If I wanted to have a good marriage, then not knowing what currently bothers my spouse about me and our marriage is a huge warning that I am not paying enough attention to my spouse's emotional needs. If they are unhappy and I do not know why, that likely means they do not feel safe to share their thoughts, feelings, desires, hopes, dreams and disappointments. If I am not the person my spouse shares that with, then I have to worry they will share it with someone else. That is how affairs are born.


----------



## FalCod (Dec 6, 2017)

That's a bad sign on many levels. It's bad that she won't tell you. It's bad that you don't have a clue.


----------



## MrNightly (Feb 6, 2017)

FalCod said:


> That's a bad sign on many levels. It's bad that she won't tell you. It's bad that you don't have a clue.


Well first off, I never said I didn't have a clue why. I simple said it bothered me and I don't know why (it bothered me)

My wife is a big baby at times... with an under developed maturity level with many symptoms of bpd. But to tell someone it's the worst year of their life just seems excessive but I should be use to it by now.

I am developing a very thick skin these days. Gotta keep my sanity


----------



## Maxwedge 413 (Apr 16, 2014)

So,.. You DO know why she said it. But you feel she's a big baby, so you don't pay much attention when she complains. So,what is bothering you? That she is annoying and cries too much, or that you can't bring yourself to comfort her?


----------



## Diana7 (Apr 19, 2016)

MrNightly said:


> Well first off, I never said I didn't have a clue why. I simple said it bothered me and I don't know why (it bothered me)
> 
> My wife is a big baby at times... with an under developed maturity level with many symptoms of bpd. But to tell someone it's the worst year of their life just seems excessive but I should be use to it by now.
> 
> I am developing a very thick skin these days.

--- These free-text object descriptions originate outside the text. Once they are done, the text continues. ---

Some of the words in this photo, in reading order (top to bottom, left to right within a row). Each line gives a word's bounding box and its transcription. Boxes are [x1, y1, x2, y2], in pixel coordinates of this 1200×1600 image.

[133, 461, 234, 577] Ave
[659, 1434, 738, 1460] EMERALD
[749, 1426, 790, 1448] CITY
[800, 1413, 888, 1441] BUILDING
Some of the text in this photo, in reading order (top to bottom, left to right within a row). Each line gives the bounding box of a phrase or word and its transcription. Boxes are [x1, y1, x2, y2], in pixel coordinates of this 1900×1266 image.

Gotta keep my sanity


Its the sort of thing a 15 year old who has never had a really bad thing happen to them ever would dramatically say.


----------



## uhtred (Jun 22, 2016)

If you know why she feels that way, is her feeling reasonable, or has she had clearly worse years in the past?



MrNightly said:


> Well first off, I never said I didn't have a clue why. I simple said it bothered me and I don't know why (it bothered me)
> 
> My wife is a big baby at times... with an under developed maturity level with many symptoms of bpd. But to tell someone it's the worst year of their life just seems excessive but I should be use to it by now.
> 
> I am developing a very thick skin these days. Gotta keep my sanity


----------



## Satya (Jun 22, 2012)

MrNightly said:


> Well first off, I never said I didn't have a clue why. I simple said it bothered me and I don't know why (it bothered me)
> 
> My wife is a big baby at times... *with an under developed maturity level with many symptoms of bpd.* But to tell someone it's the worst year of their life just seems excessive but I should be use to it by now.
> 
> I am developing a very thick skin these days. Gotta keep my sanity


The bold says a lot. It's likely just manipulation if you ask me. I would have amplified and agreed.

"Yeah, this year sucked arse. I've never questioned the will to live as much as I have in this moment with you."

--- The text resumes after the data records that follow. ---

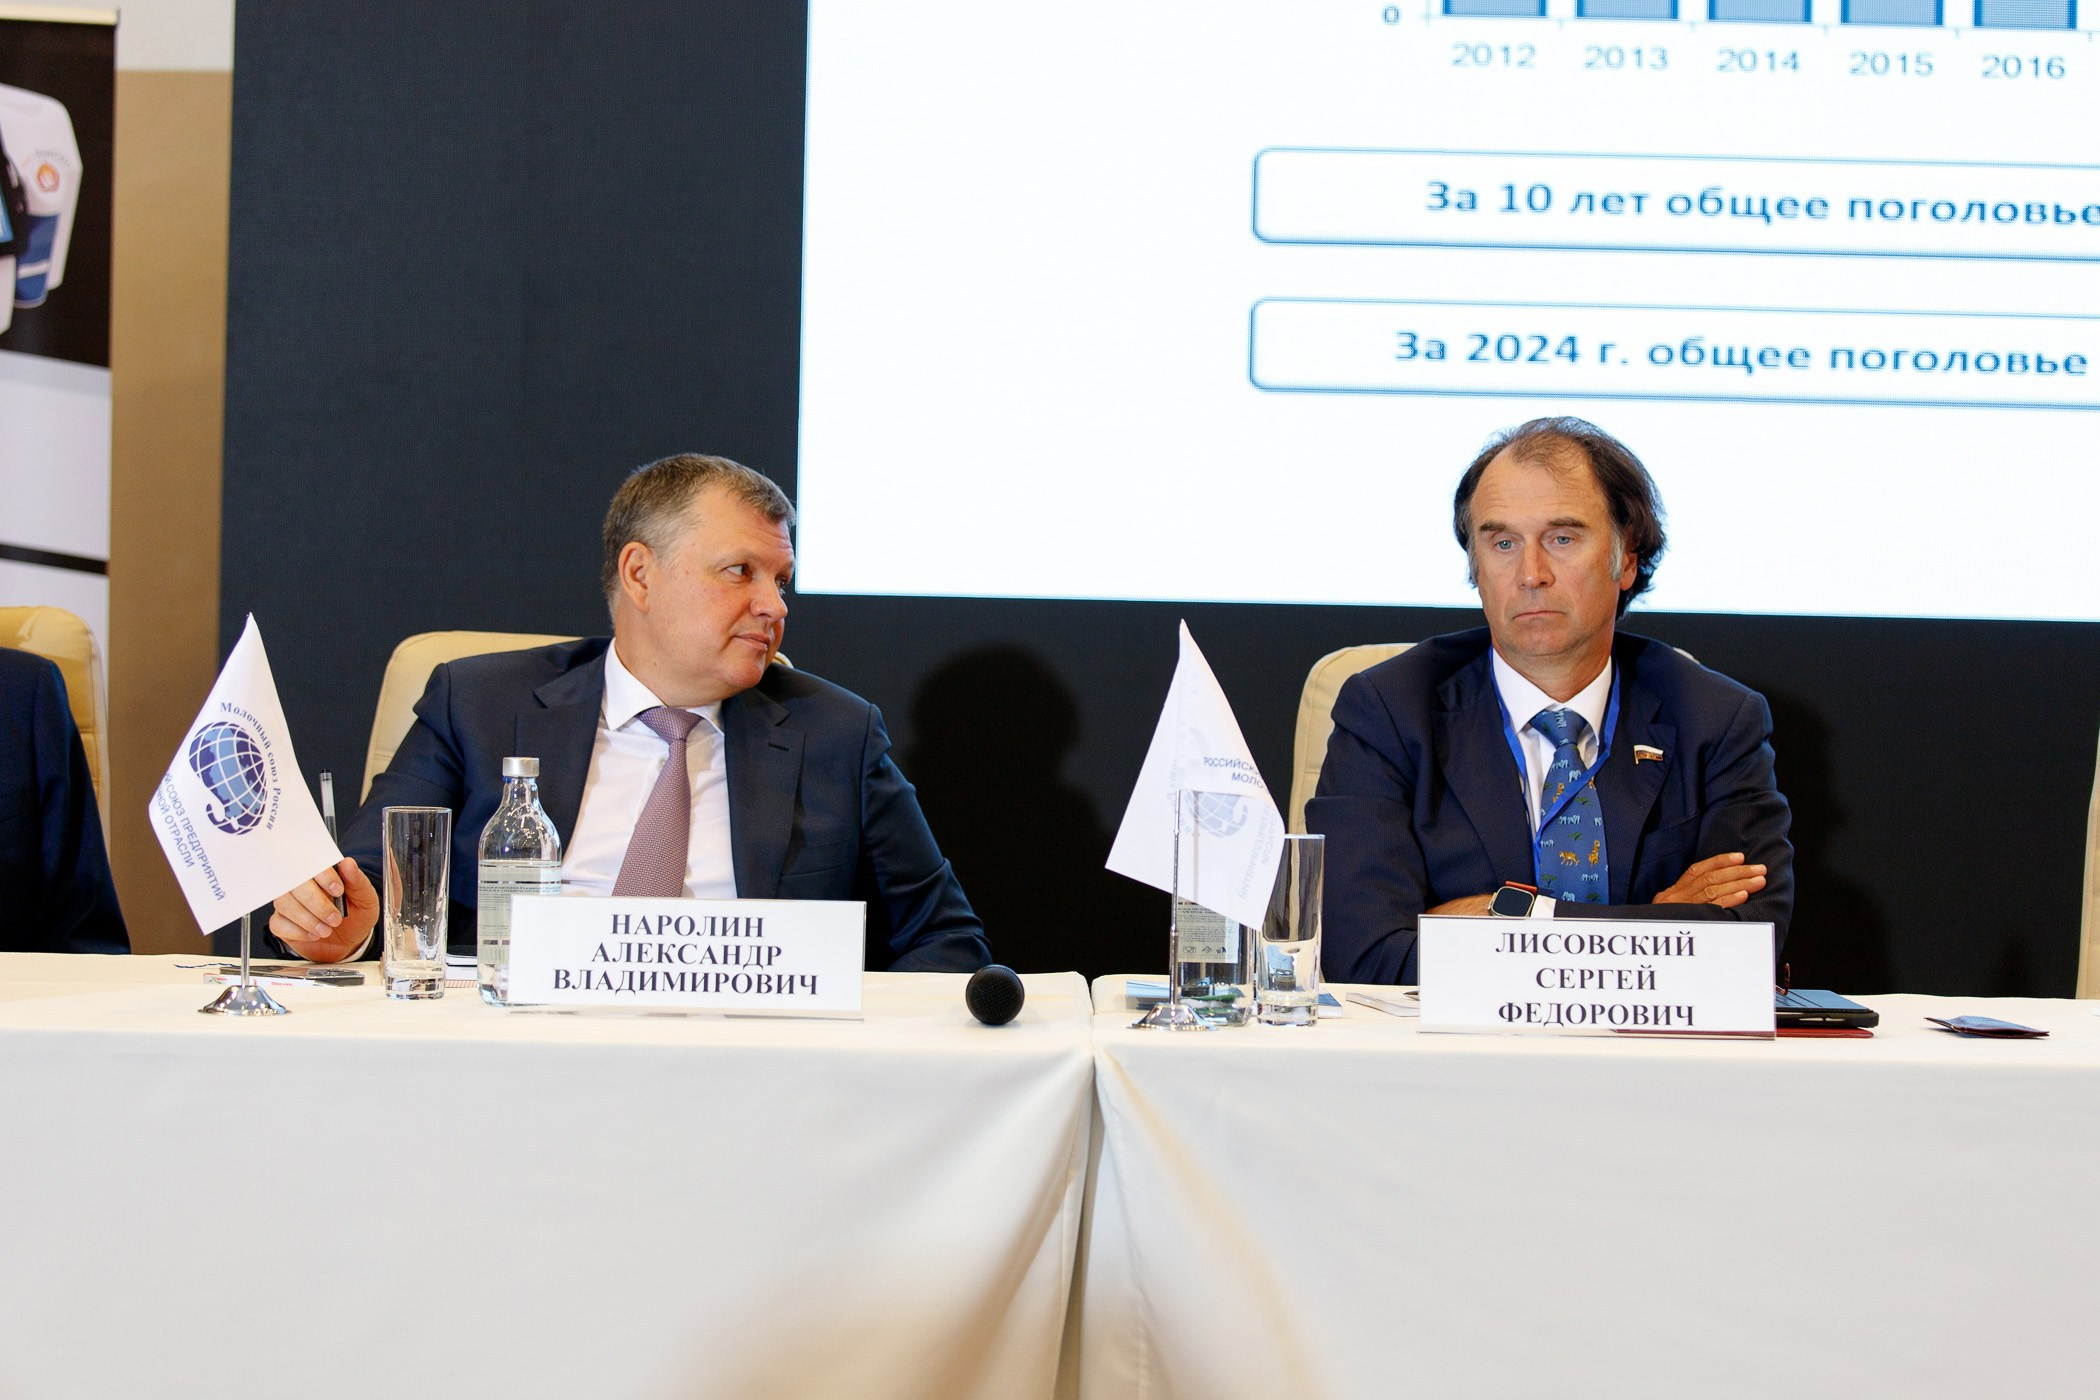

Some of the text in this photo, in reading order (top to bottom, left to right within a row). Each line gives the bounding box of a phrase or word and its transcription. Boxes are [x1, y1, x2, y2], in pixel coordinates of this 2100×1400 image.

[1382, 4, 1401, 25] 0
[1452, 43, 2067, 79] 2012 2013 2014 2015 2016
[1426, 180, 2100, 227] За 10 лет общее поголовье
[1395, 330, 2089, 377] За 2024 г. общее поголовье
[220, 702, 281, 831] Молочный союз России
[164, 815, 195, 868] ОТРАСЛИ
[167, 784, 226, 901] СОЮЗ ПРЕДПРИЯТИЙ
[611, 913, 764, 939] НАРОЛИН
[591, 942, 782, 970] АЛЕКСАНДР
[1495, 930, 1696, 957] ЛИСОВСКИЙ
[554, 968, 818, 996] ВЛАДИМИРОВИЧ
[1535, 963, 1657, 991] СЕРГЕЙ
[1498, 1002, 1694, 1028] ФЕДОРОВИЧ

Then smile widely and carry on.

Emotionally immature or BPD or whatever, it's a tactic to play a "woe is me" card to warp reality so you have to defend yourself and the situation.

It's a game. Don't play, or if you do, make it ridiculous.


----------



## MrNightly (Feb 6, 2017)

Satya said:


> The bold says a lot. It's likely just manipulation if you ask me. I would have amplified and agreed.
> 
> "Yeah, this year sucked arse. I've never questioned the will to live as much as I have in this moment with you."
> 
> ...


Spot on.

I've been learning to do very similar type things, and they have short-circuited her episodes.

Thanks for the thoughts!


----------



## MrNightly (Feb 6, 2017)

uhtred said:


> If you know why she feels that way, is her feeling reasonable, or has she had clearly worse years in the past?


Let's see: 

Her mom died at age 13
Her twin sister died at age 17
Her ex BF used to beat her up for fun

I think she's had much worse years... But being with me, who took her on trips, bought her gifts, let her stay home without having to work all year, and had our baby daughter... I wouldn't think that would ever rise to the level of Worst year ever....

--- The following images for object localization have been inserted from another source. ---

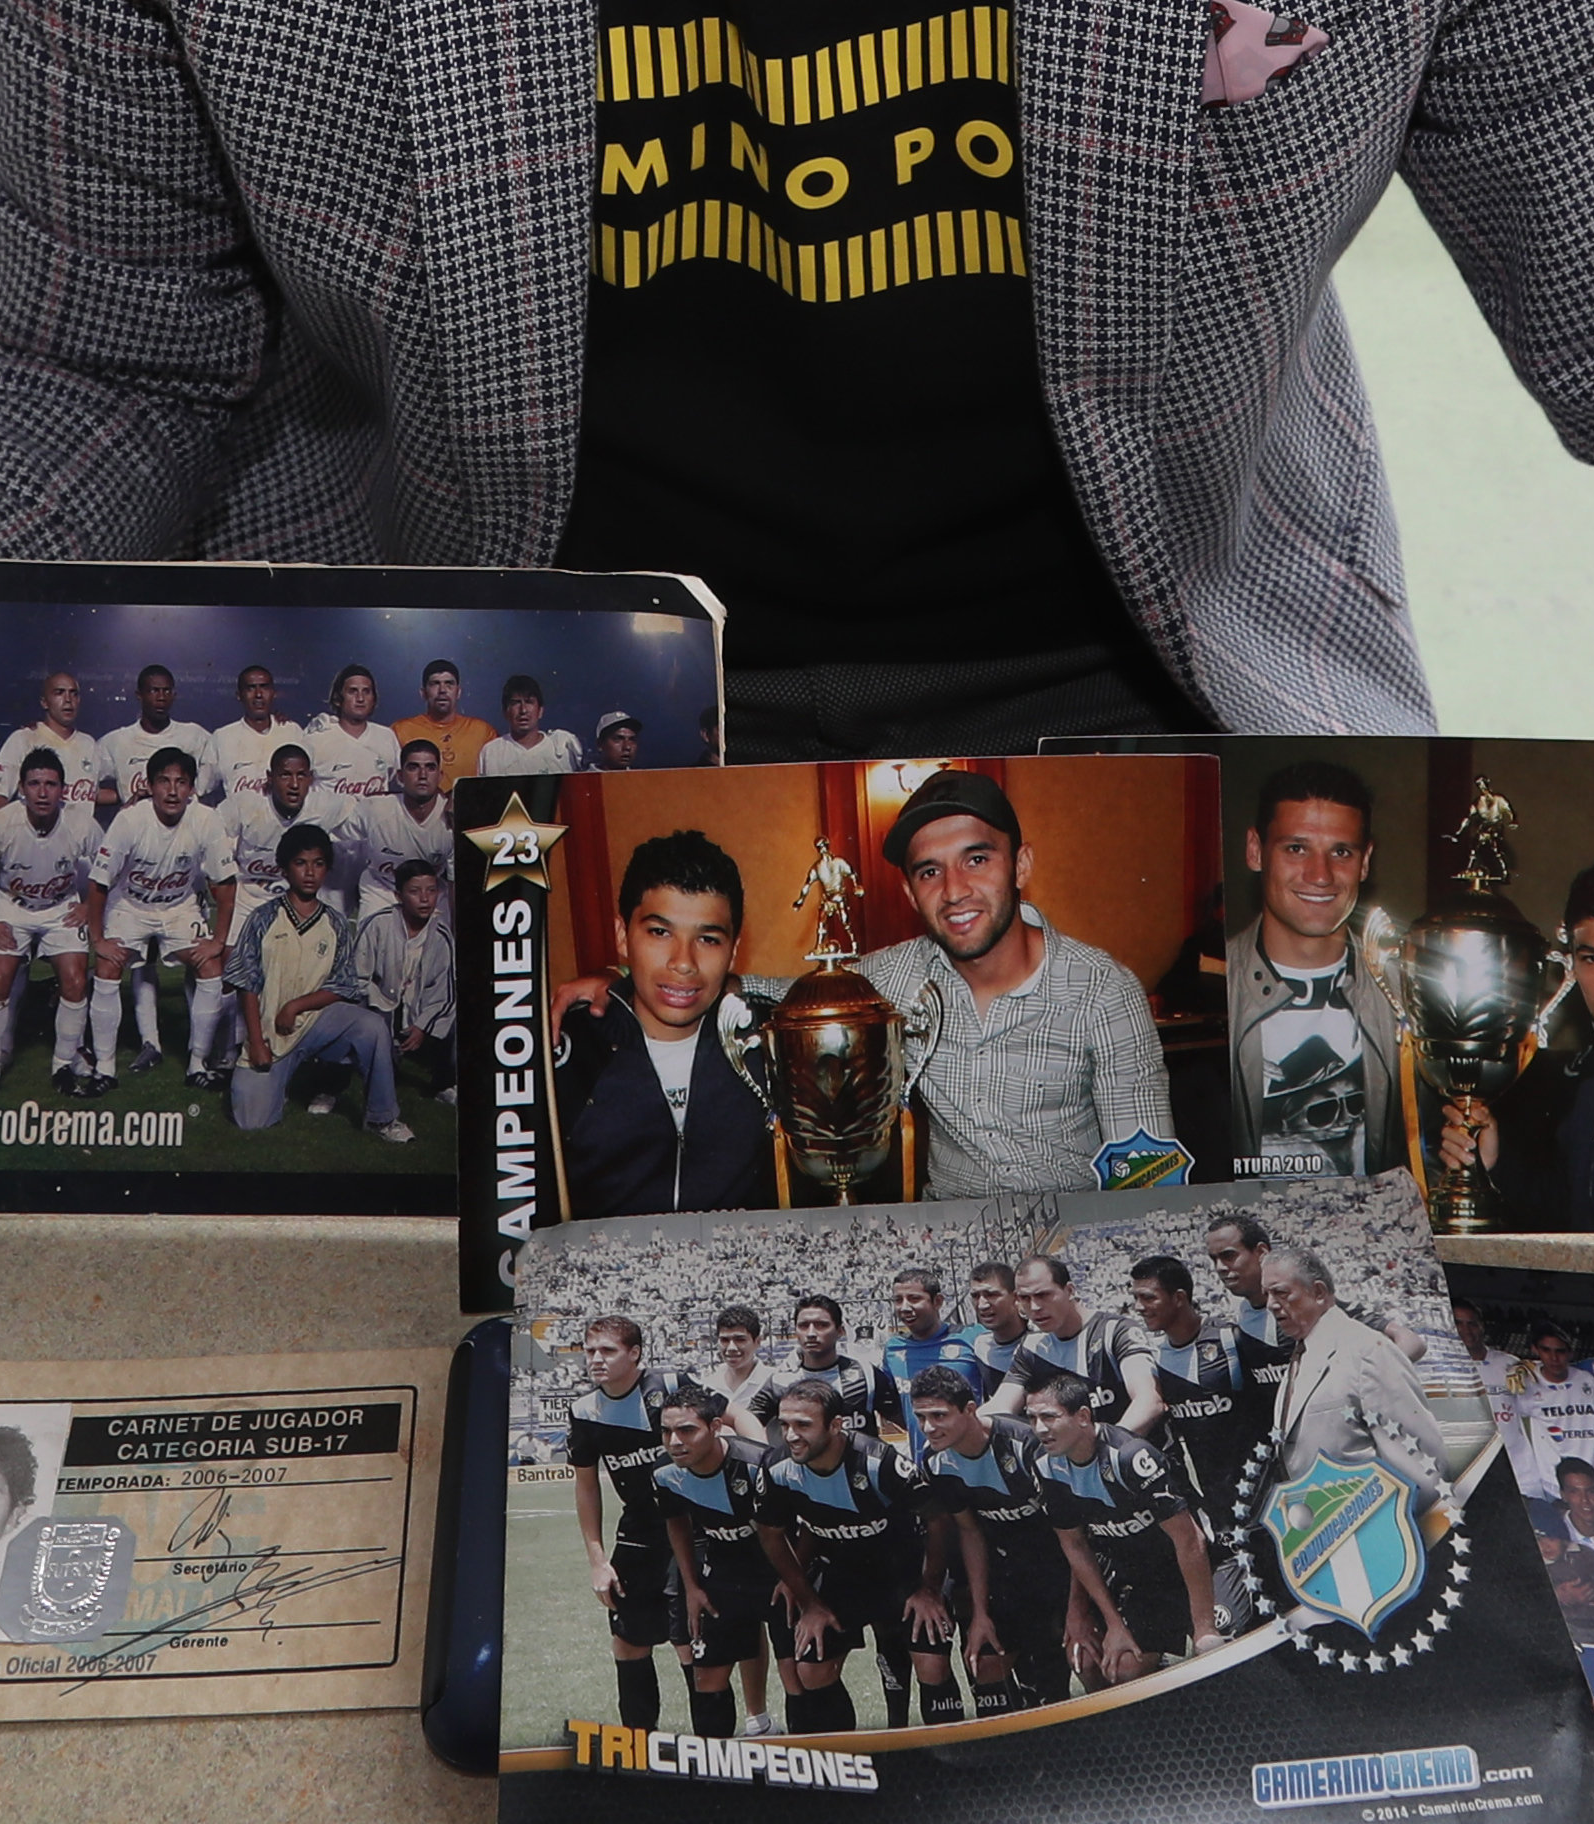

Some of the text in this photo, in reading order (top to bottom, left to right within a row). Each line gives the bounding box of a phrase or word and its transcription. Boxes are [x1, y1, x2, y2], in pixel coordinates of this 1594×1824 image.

[492, 830, 539, 866] 23
[1283, 1155, 1322, 1175] 2010
[107, 1409, 365, 1437] CARNET DE JUGADOR
[117, 1434, 350, 1461] CATEGORIA SUB-17
[56, 1466, 288, 1492] TEMPORADA: 2006-2007
[517, 1465, 575, 1483] Bantrab
[1292, 1476, 1385, 1579] COMUNICACIONES
[169, 1636, 229, 1649] Gerente
[6, 1655, 61, 1676] Oficial
[66, 1654, 158, 1675] 2006-2007
[931, 1694, 1007, 1712] Julio 2013
[568, 1719, 880, 1791] TRICAMPEONES
[1378, 1805, 1409, 1820] 2014
[1420, 1794, 1544, 1817] CamerinoCrema.com

She was just throwing another fit. I knew it inside, but sometimes it's helpful to bounce things off people outside of the two of us.

Kinda like this: I went to Australia for work for 3 weeks right after Thanksgiving, so I flew her to Thailand to see her family who she hadn't seen for 9 years. Then I flew to Thailand and spent 10 days with her until Xmas eve when we returned to the states. I spent a fair amount on the trip, but still got her a small necklace for Xmas along with a couple other small presents.

For me? Not a single damn gift. I was shocked, but shouldn't have been. It was that kinda thing that hurt more then it should. Would that have hurt anyone else or am I too sensitive?


----------



## EleGirl (Dec 3, 2011)

Diana7 said:


> Its the sort of thing a 15 year old who has never had a really bad thing happen to them ever would dramatically say.


Really? Only a 15 year old can have the worst year of their life?

Hm.. the year that my twins died at birth.. I did say that it was a worst year of my life.

Before that I had some pretty bad things happen... like things I saw during war, or how about the year I was rapped, that pretty much ruined that year. Or how about the year that some stranger on the street walked up to me and started to strangle me and was dragging me into a an empty field.. that ruined more than a year.. 40+ years later I still have flashbacks.... So I guess I have several years that I could consider the 'worst year of my life'.

The idea that only a 15 year old who never had anything bad happen to them would say this is beyond ridiculous.


----------



## uhtred (Jun 22, 2016)

Why do you think she is so unhappy?




MrNightly said:


> Let's see:
> 
> Her mom died at age 13
> Her twin sister died at age 17
> ...


----------



## Diana7 (Apr 19, 2016)

EleGirl said:


> Really? Only a 15 year old can have the worst year of their life?
> 
> Hm.. the year that my twins died at birth.. I did say that it was a worst year of my life.
> 
> ...


You missed my point entirely. 
I said that its the sort of thing that a 15 year old who hasn't had any thing bad happed may say. Teenagers are very selfish generally. This lady sounds the same. 

Never said that people didn't have bad years, I too have had terrible traumatic things happen in my past. I had 20 awful dark years from late 20's to late 40's.


----------



## Diana7 (Apr 19, 2016)

MrNightly said:


> Let's see:
> 
> Her mom died at age 13
> Her twin sister died at age 17
> ...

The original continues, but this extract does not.